Problem statement: Repeat all the lines below exactly, but omit the pictures.

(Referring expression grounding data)
= = = = = = =
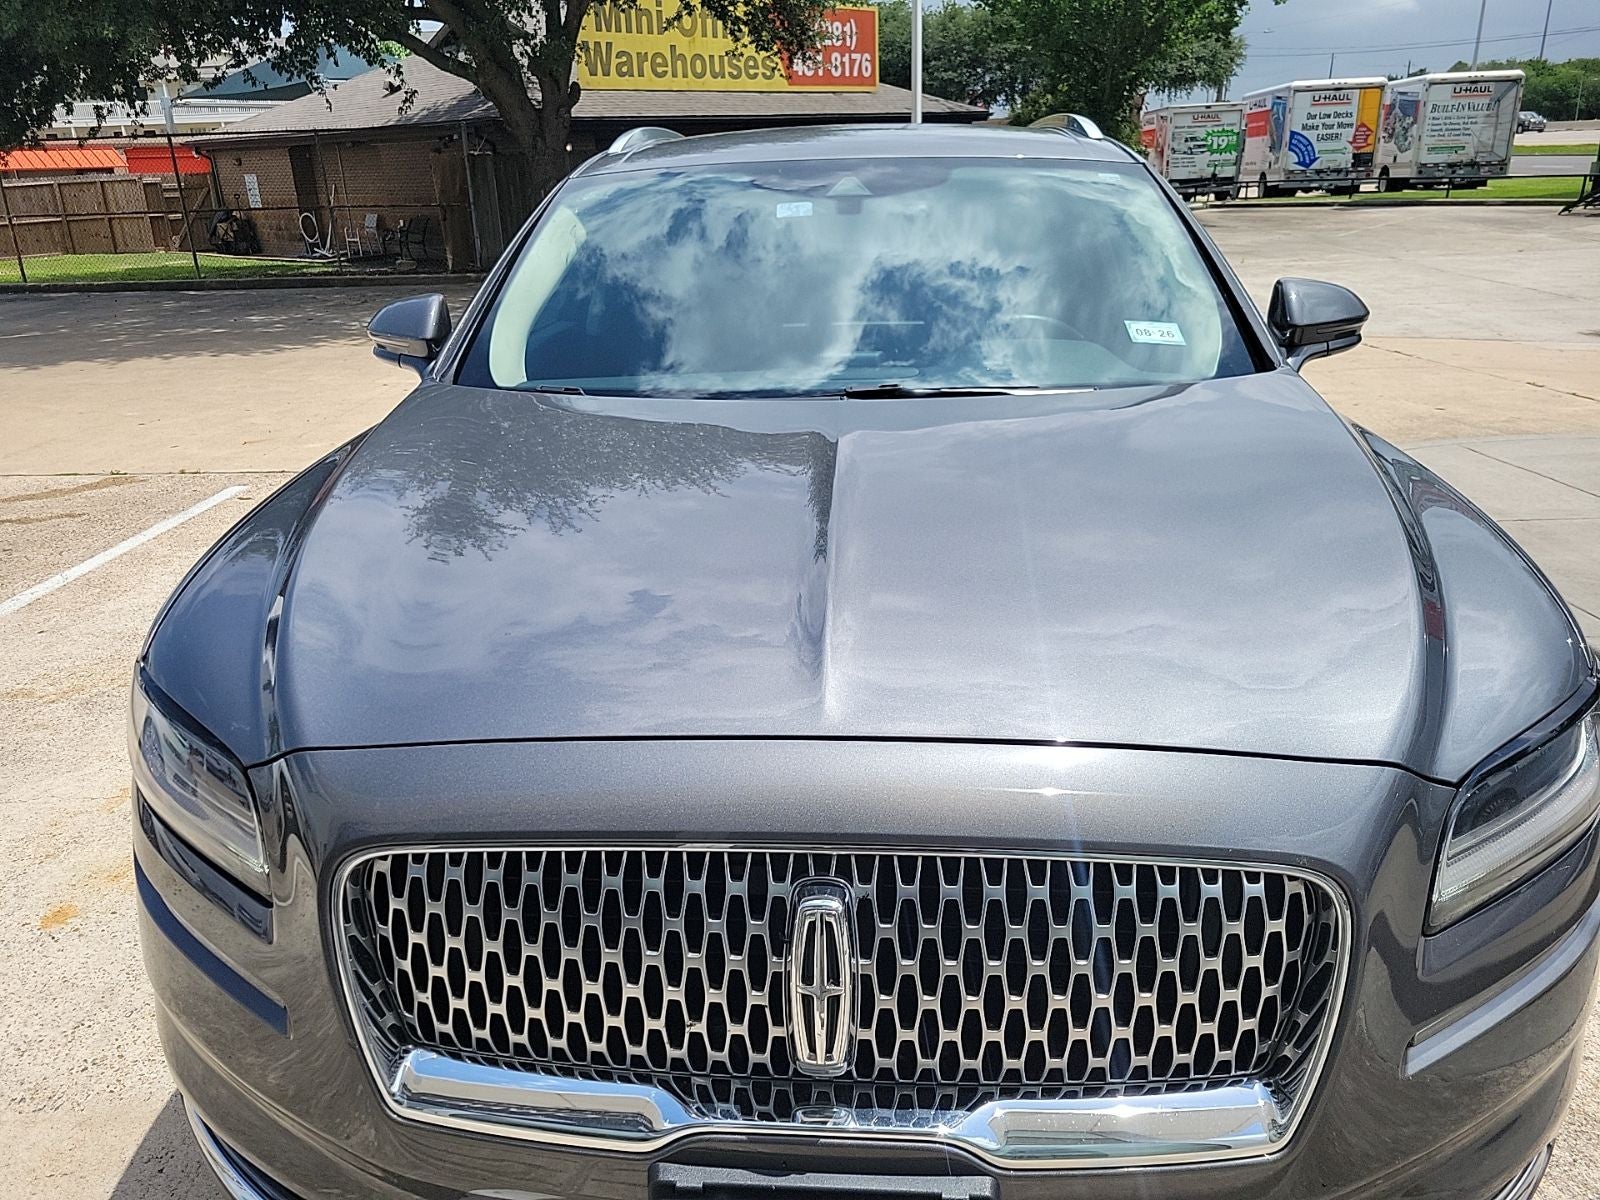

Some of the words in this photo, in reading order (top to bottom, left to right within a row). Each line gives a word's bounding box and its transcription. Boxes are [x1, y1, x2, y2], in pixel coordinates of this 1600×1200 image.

[582, 41, 776, 81] Warehouses
[1453, 86, 1493, 94] U-HAUL
[1312, 93, 1352, 102] U-HAUL
[1192, 113, 1222, 121] U-HAUL
[1306, 112, 1318, 121] Our
[1318, 112, 1332, 120] Low
[1333, 110, 1353, 119] Decks
[1301, 123, 1320, 131] Make
[1321, 121, 1335, 130] Your
[1337, 121, 1354, 129] Move
[1316, 132, 1343, 142] EASIER!
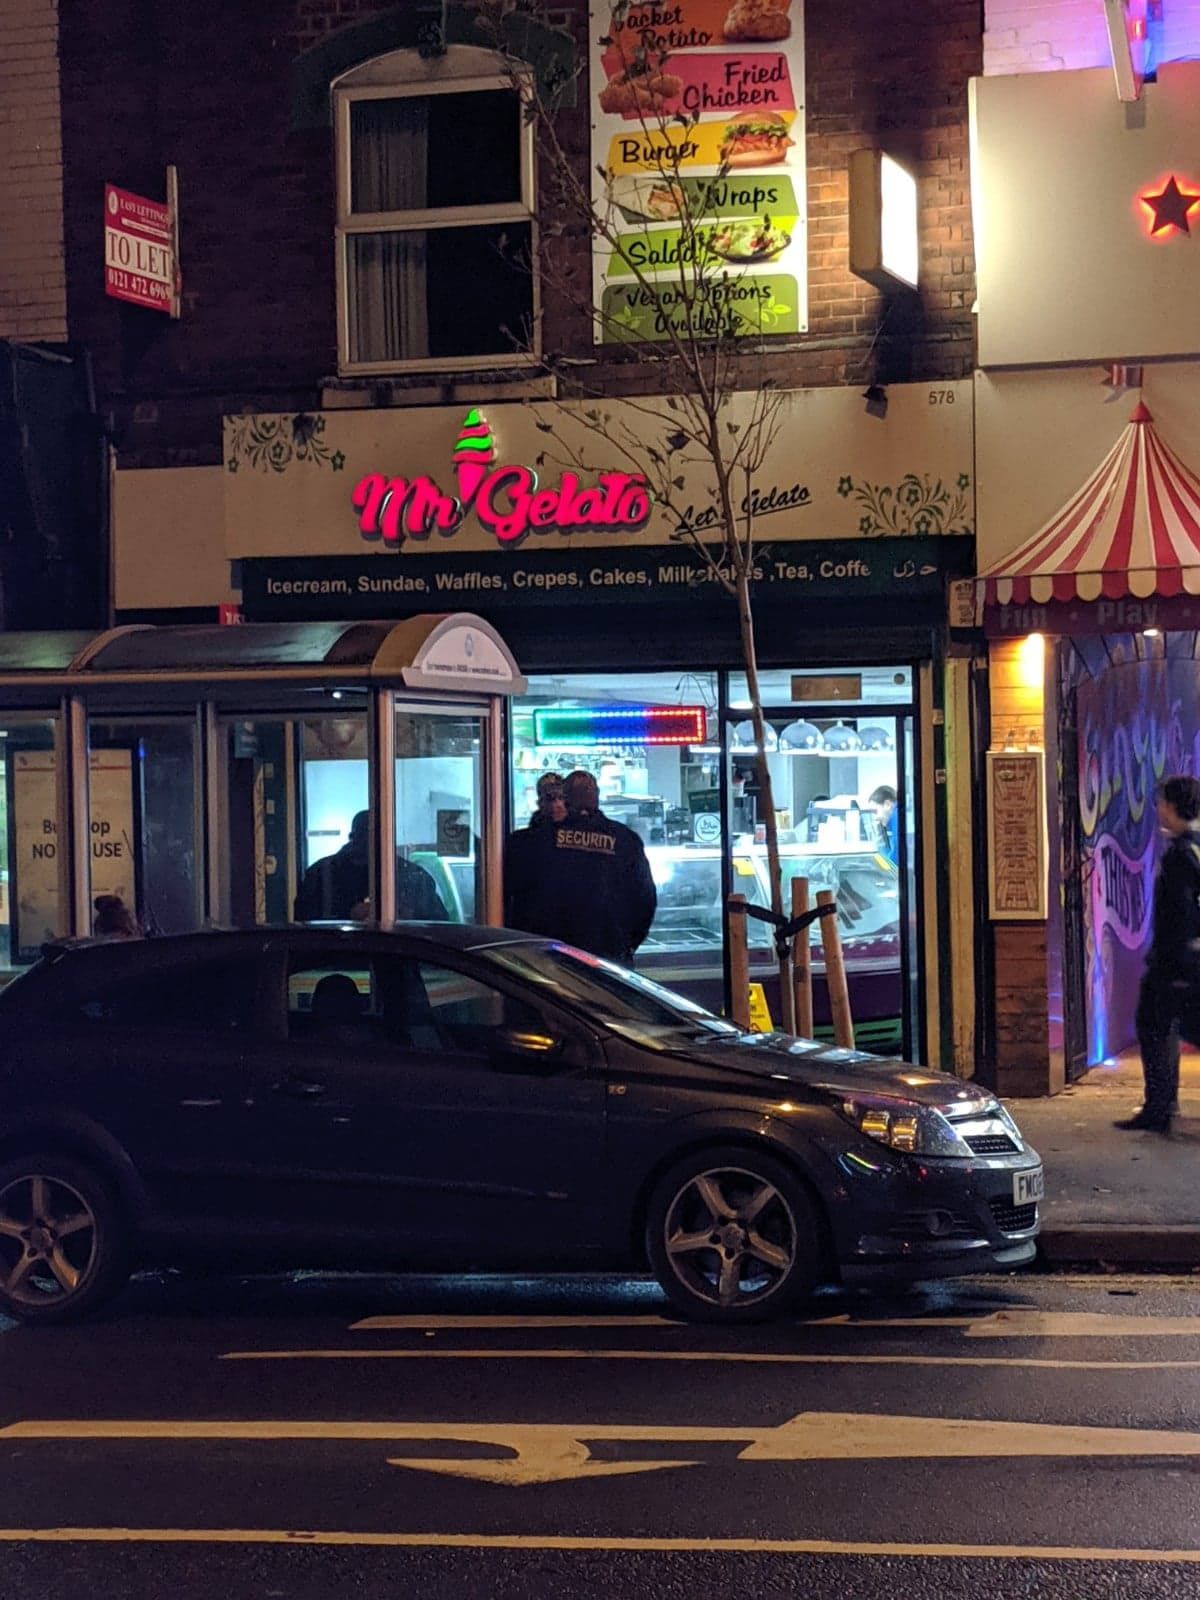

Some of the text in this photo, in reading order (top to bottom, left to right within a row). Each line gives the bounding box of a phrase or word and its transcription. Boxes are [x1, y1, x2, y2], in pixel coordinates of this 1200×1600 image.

[724, 57, 785, 86] Fried
[683, 82, 779, 110] Chicken
[619, 139, 700, 168] Burger
[706, 181, 778, 213] Wraps
[108, 231, 171, 277] TO LET
[351, 465, 649, 544] Mr Gelato
[741, 483, 811, 515] Gelato
[267, 577, 352, 596] Icecream,
[357, 575, 431, 595] Sundae,
[435, 571, 508, 592] Waffles,
[512, 568, 584, 591] Crepes,
[589, 567, 652, 588] Cakes,
[1098, 601, 1159, 626] Play
[93, 842, 123, 858] USE
[556, 828, 617, 851] SECURITY
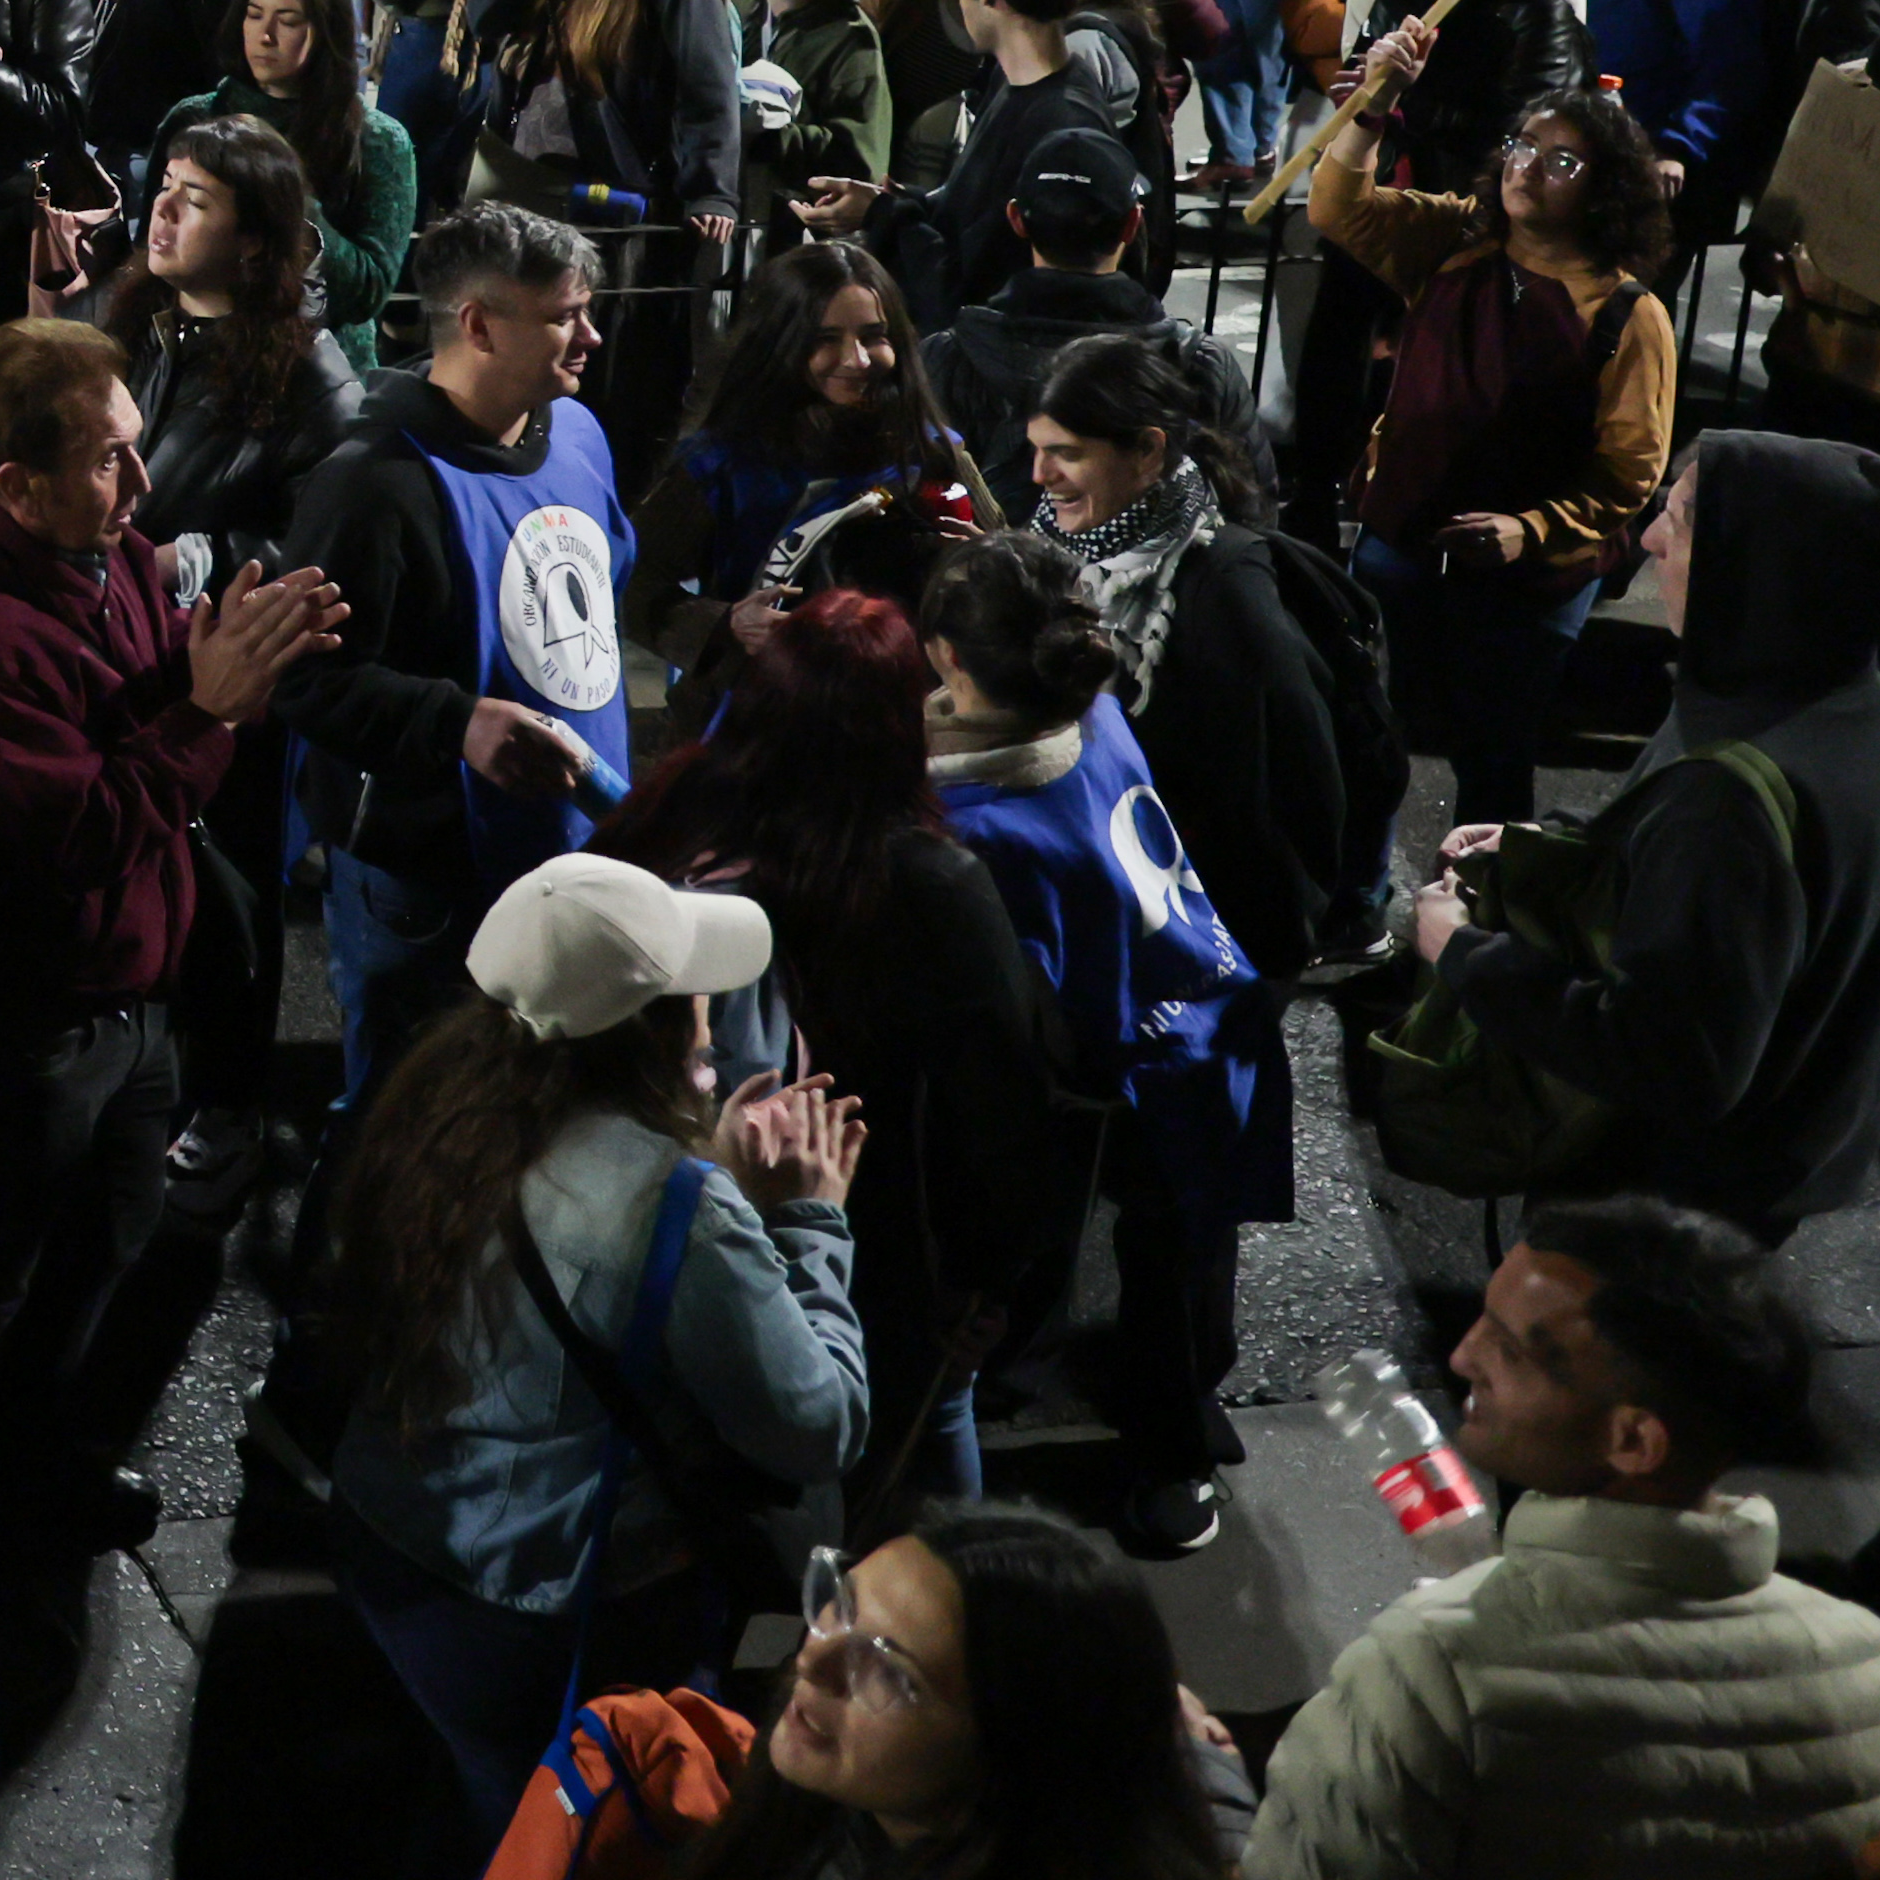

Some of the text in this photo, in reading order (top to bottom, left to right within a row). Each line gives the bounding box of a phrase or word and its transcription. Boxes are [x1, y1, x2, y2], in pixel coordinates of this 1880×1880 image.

[540, 657, 558, 680] NI
[562, 677, 579, 700] UN
[587, 677, 611, 704] PASO
= = = = = = =
Your response:
Some of the words in this photo, in reading order (top to bottom, left to right within a row). Each line gives a word's bounding box and its transcription. Boxes are [x1, y1, x2, y2], in pixel coordinates of this 1600×1200 image.

[582, 41, 776, 81] Warehouses
[1453, 86, 1493, 94] U-HAUL
[1312, 93, 1352, 102] U-HAUL
[1192, 113, 1222, 121] U-HAUL
[1306, 112, 1318, 121] Our
[1318, 112, 1332, 120] Low
[1333, 110, 1353, 119] Decks
[1301, 123, 1320, 131] Make
[1321, 121, 1335, 130] Your
[1337, 121, 1354, 129] Move
[1316, 132, 1343, 142] EASIER!

Some of the text in this photo, in reading order (top to bottom, left to right within a row). Each line gives the bounding box of a phrase or word and its transcription. Boxes are [x1, y1, x2, y2], in pixel coordinates of this 1200×1600 image.

[724, 57, 785, 86] Fried
[683, 82, 779, 110] Chicken
[619, 139, 700, 168] Burger
[706, 181, 778, 213] Wraps
[108, 231, 171, 277] TO LET
[351, 465, 649, 544] Mr Gelato
[741, 483, 811, 515] Gelato
[267, 577, 352, 596] Icecream,
[357, 575, 431, 595] Sundae,
[435, 571, 508, 592] Waffles,
[512, 568, 584, 591] Crepes,
[589, 567, 652, 588] Cakes,
[1098, 601, 1159, 626] Play
[93, 842, 123, 858] USE
[556, 828, 617, 851] SECURITY

Some of the text in this photo, in reading order (top to bottom, left to right within a row). Each line gives the bounding box of a phrase or word and its transcription. Boxes are [x1, y1, x2, y2], in pixel coordinates of this 1880×1880 image.

[540, 657, 558, 680] NI
[562, 677, 579, 700] UN
[587, 677, 611, 704] PASO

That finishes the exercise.